High-throughput approaches for studying light-activated compounds are in high demand in biomedical applications. In this work, we designed and validated a cost-effective illumination platform that is easy to fabricate, customizable, and suitable for high-throughput in vitro studies. We demonstrated the performance of our system using a comparative study of reactive oxygen species (ROS)-sensitive liposomes loaded with two structurally identical phthalocyanines differing in their central metal, namely zinc and palladium. We showed that our system allows screening of a large set of chemical parameters in a short period of time for the optimization of light-triggered drug delivery systems, such as dye loading, power density, light dosage, and aerobic/anaerobic environment.

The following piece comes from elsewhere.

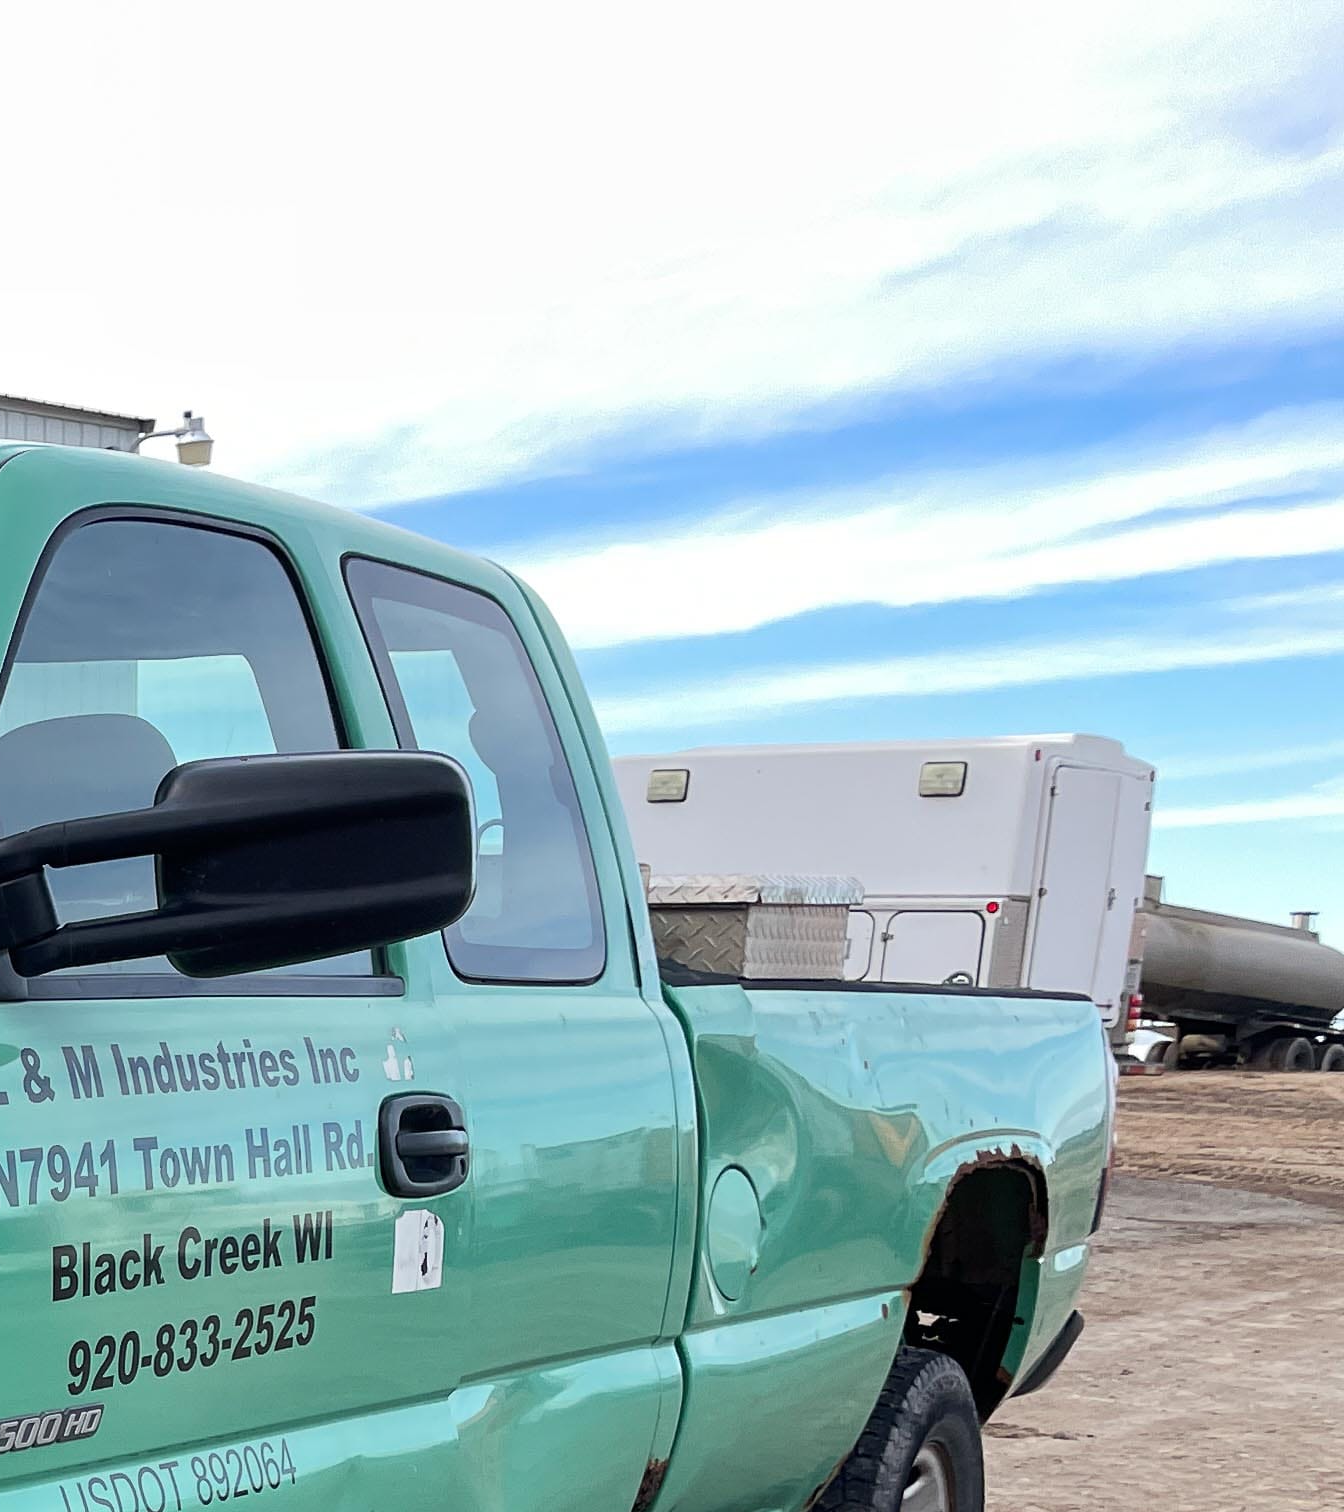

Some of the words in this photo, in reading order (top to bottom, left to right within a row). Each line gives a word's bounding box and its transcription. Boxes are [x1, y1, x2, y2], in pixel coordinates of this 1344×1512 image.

Upon optimization, Pd(ii) phthalocyanine-loaded liposomes released up to 100% of calcein, while Zn(ii) phthalocyanine-loaded liposomes achieved only 50% release under the same conditions, i.e., 690 nm incident light and 10 J cm−2 light dosage. Under anaerobic conditions, the calcein release was markedly reduced for both liposomes, confirming its ROS-dependent nature. The illumination system performed reliably throughout the study.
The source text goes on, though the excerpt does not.